Even though Lawrence is plenty busy as the co-owner of Thorsby Stockyards and his own auction company, he said it was time to get back into the game.

“You can sell five days a week and when you come to the competition, it’s a whole new thing. You have to learn to control your nerves,” said Lawrence, who has been bidding it up since graduating from auction college in 1992.  “Even if you are nervous, you’ve got to hold yourself together and get ’er done.”

While Lawrence doesn’t put special effort into looking after his voice (it’s more a case of making sure he’s healthy), he does puts in the time to make sure he knows what he’s talking about when it’s time to ramp up his auction patter.

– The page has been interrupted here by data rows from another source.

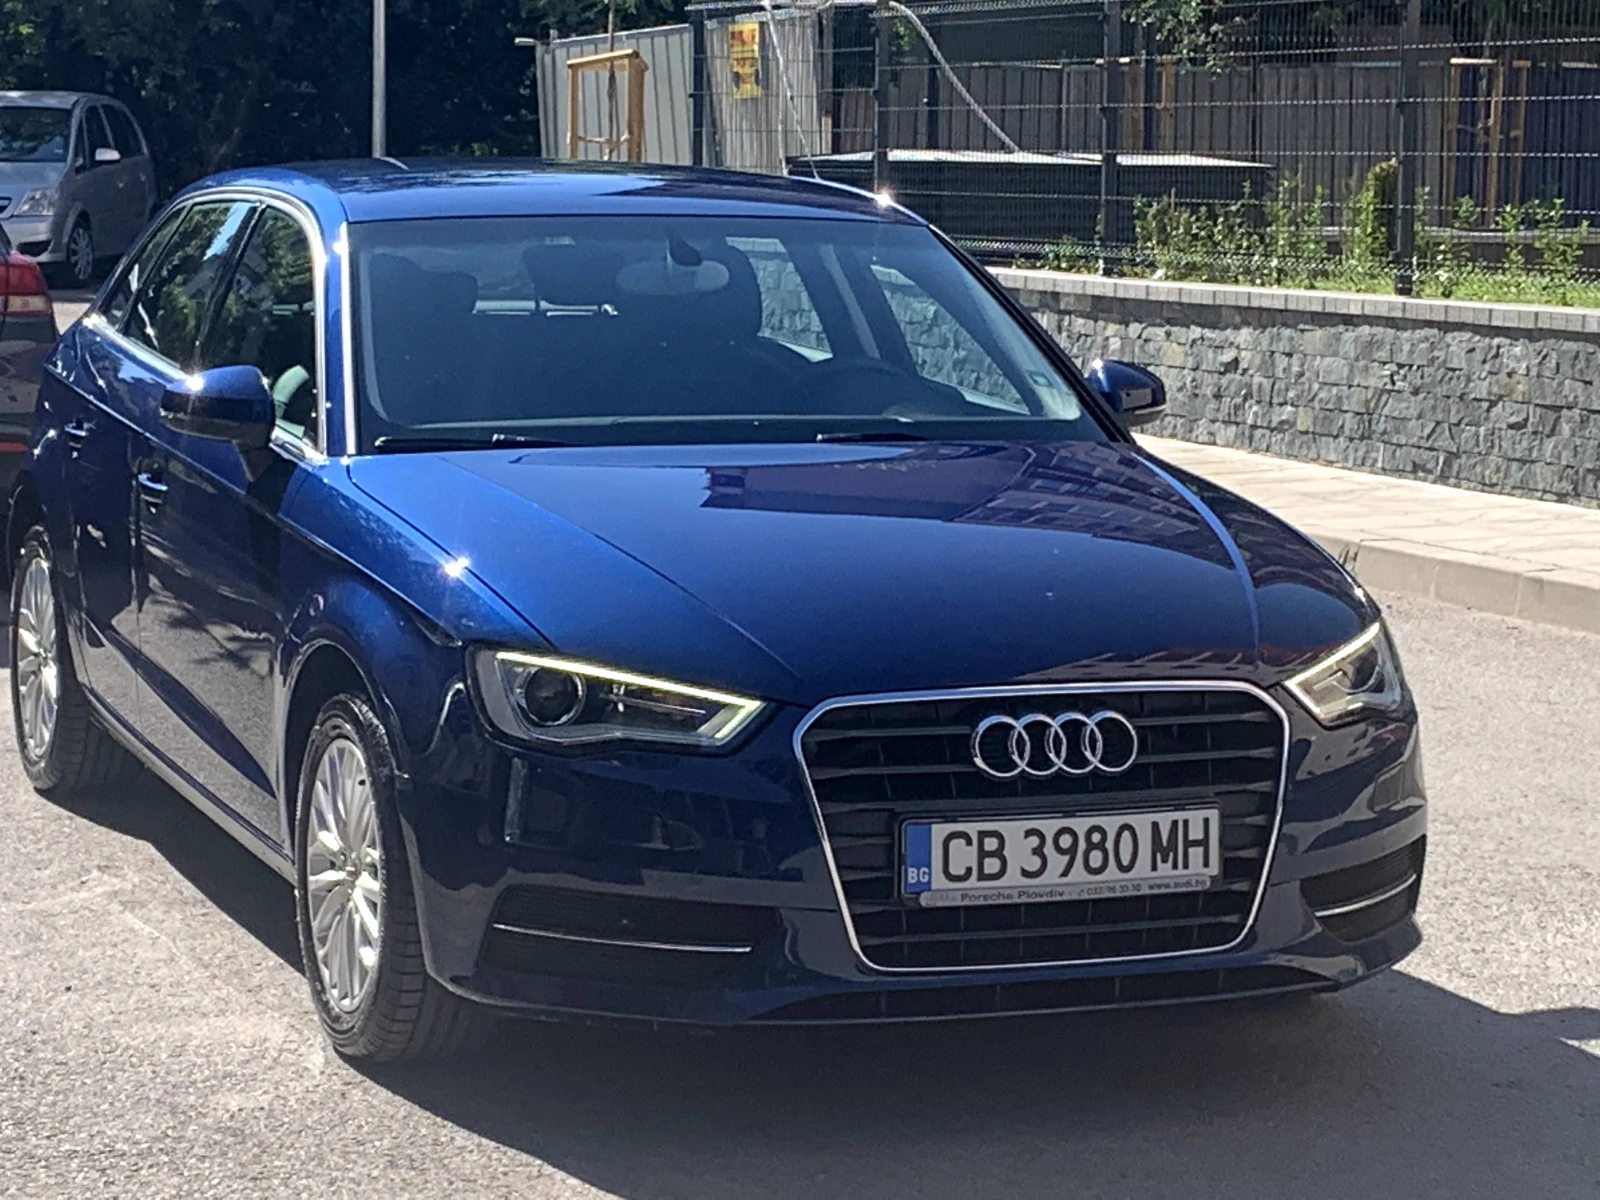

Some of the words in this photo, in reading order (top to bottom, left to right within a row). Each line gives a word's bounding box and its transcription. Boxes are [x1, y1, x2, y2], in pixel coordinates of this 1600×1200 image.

[942, 830, 1007, 883] CB
[1020, 823, 1139, 880] 3980
[1150, 817, 1210, 872] MH
[907, 867, 930, 883] BG
[960, 890, 1014, 903] Porsche
[1017, 888, 1065, 900] Plovdiv
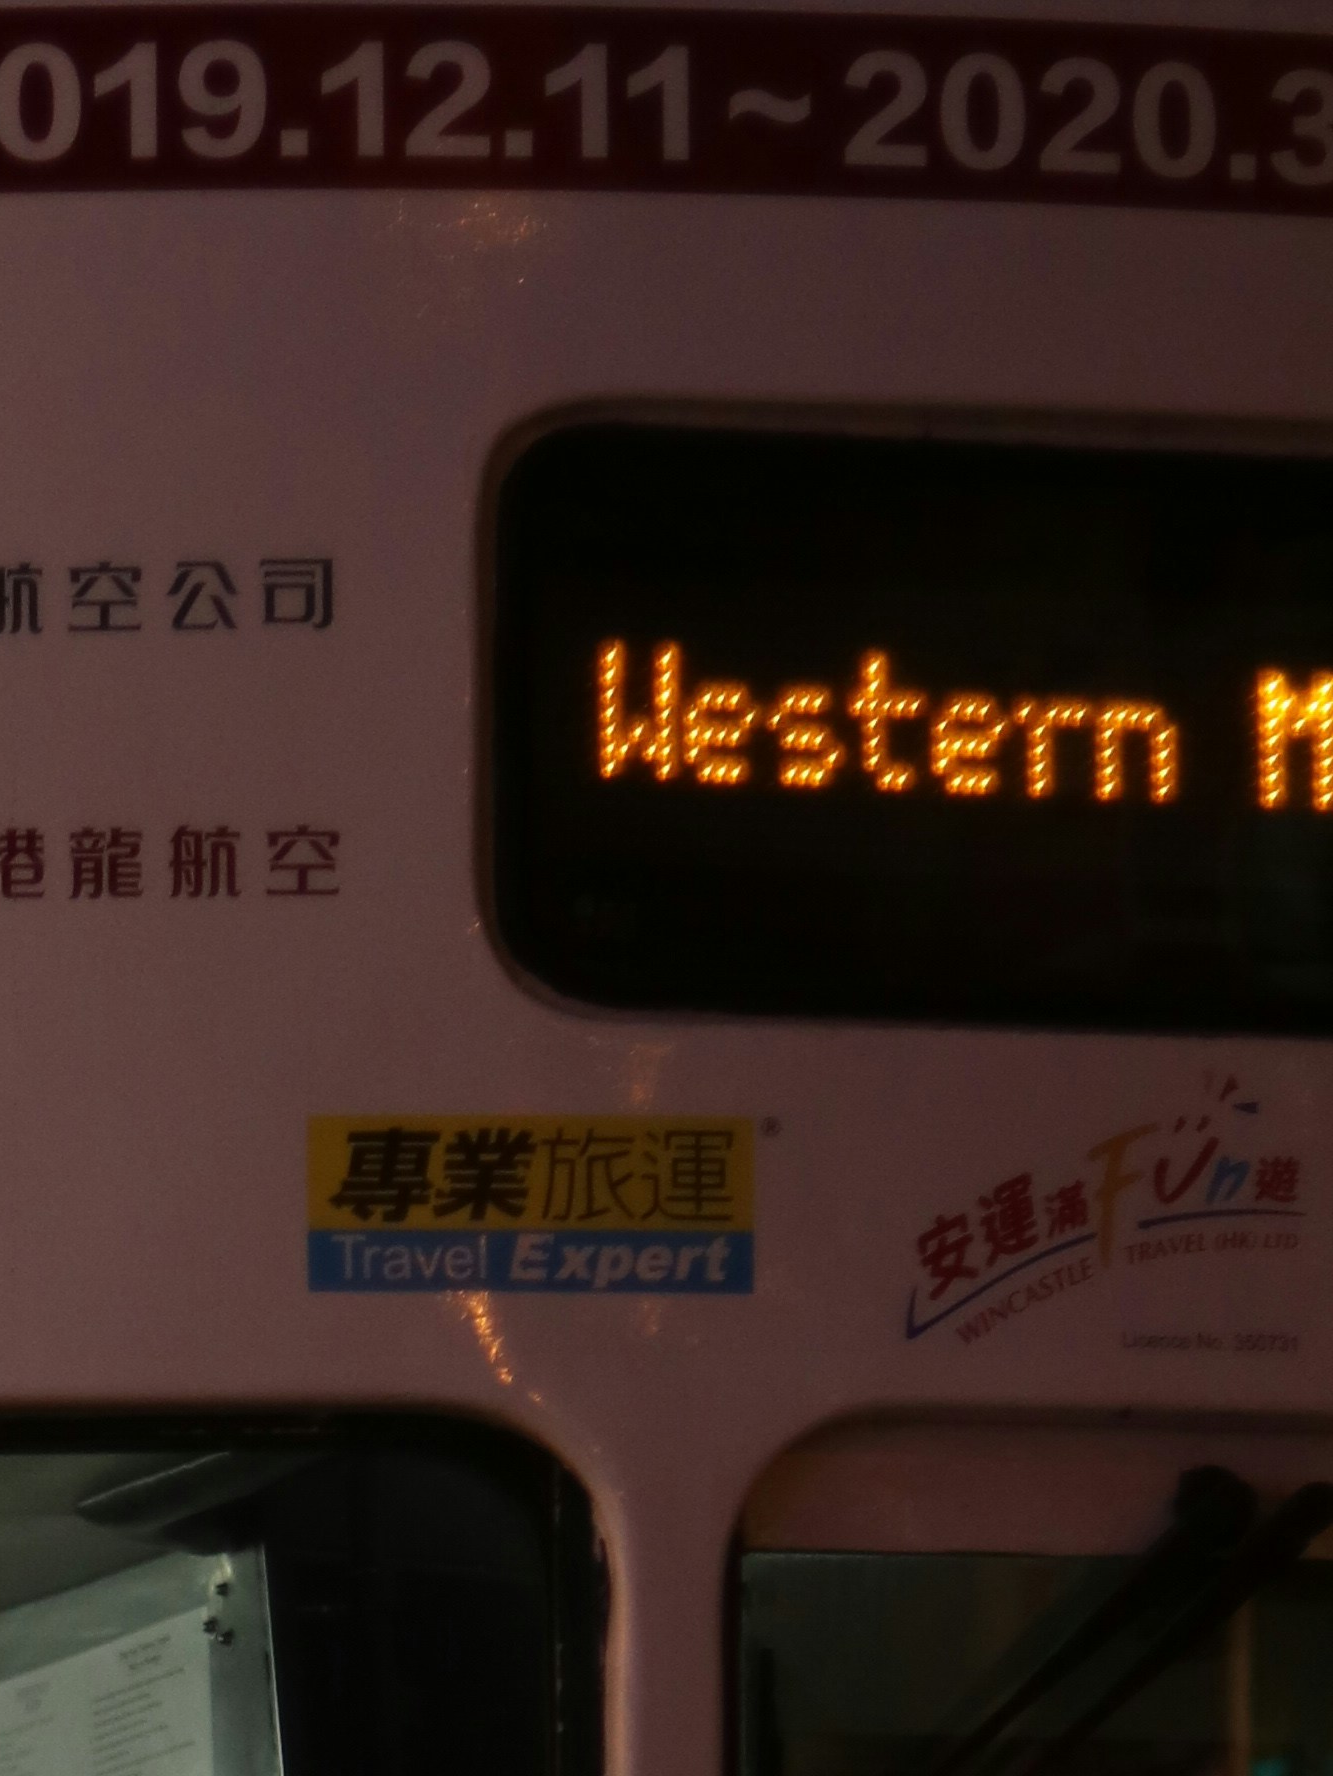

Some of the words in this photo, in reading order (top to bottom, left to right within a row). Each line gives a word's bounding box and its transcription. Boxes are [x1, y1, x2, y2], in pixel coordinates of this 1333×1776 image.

[595, 635, 1181, 804] Western
[329, 1126, 734, 1223] 專業旅運
[331, 1233, 489, 1283] Travel
[508, 1234, 732, 1289] Expert
[954, 1256, 1095, 1346] WINCASTLE
[1123, 1231, 1206, 1266] TRAVEL

“The more sales you do, the more prepared you can be. Once you’re comfortable conducting a sale, the smoother it’s going go. Knowing your product is huge. If you know what you’re selling, and you know the value of it, that is a huge part of it.”

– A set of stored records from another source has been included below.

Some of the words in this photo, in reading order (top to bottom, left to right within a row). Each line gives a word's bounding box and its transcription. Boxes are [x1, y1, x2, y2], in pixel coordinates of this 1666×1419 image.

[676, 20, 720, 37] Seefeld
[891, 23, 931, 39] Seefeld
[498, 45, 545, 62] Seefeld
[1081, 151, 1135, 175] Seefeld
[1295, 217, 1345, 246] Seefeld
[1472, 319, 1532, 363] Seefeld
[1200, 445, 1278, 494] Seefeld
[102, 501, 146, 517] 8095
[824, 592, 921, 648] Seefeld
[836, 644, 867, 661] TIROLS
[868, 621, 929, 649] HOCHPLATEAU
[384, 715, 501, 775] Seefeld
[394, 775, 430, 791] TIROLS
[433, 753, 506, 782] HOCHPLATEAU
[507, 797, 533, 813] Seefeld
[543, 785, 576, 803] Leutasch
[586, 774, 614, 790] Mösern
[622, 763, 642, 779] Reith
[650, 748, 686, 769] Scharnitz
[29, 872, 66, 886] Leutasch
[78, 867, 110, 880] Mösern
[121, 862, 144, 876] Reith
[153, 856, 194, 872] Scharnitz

For the full results of the Calgary Stampede’s International Livestock Auctioneer Championship, please visit




About the Calgary Stampede

The Calgary Stampede celebrates the people, the animals, the land, the traditions and the values that make up the unique spirit of the west.  The Calgary Stampede contributes to the quality of life in Calgary and southern Alberta through our world-renowned 10-day Stampede, year-round facilities, western events and several youth and agriculture programs. Exemplifying the theme We’re Greatest Together; we are a volunteer-supported, not-for-profit community organization that preserves and celebrates our western heritage, cultures and community spirit.  All revenue is reinvested into Calgary Stampede programs and facilities.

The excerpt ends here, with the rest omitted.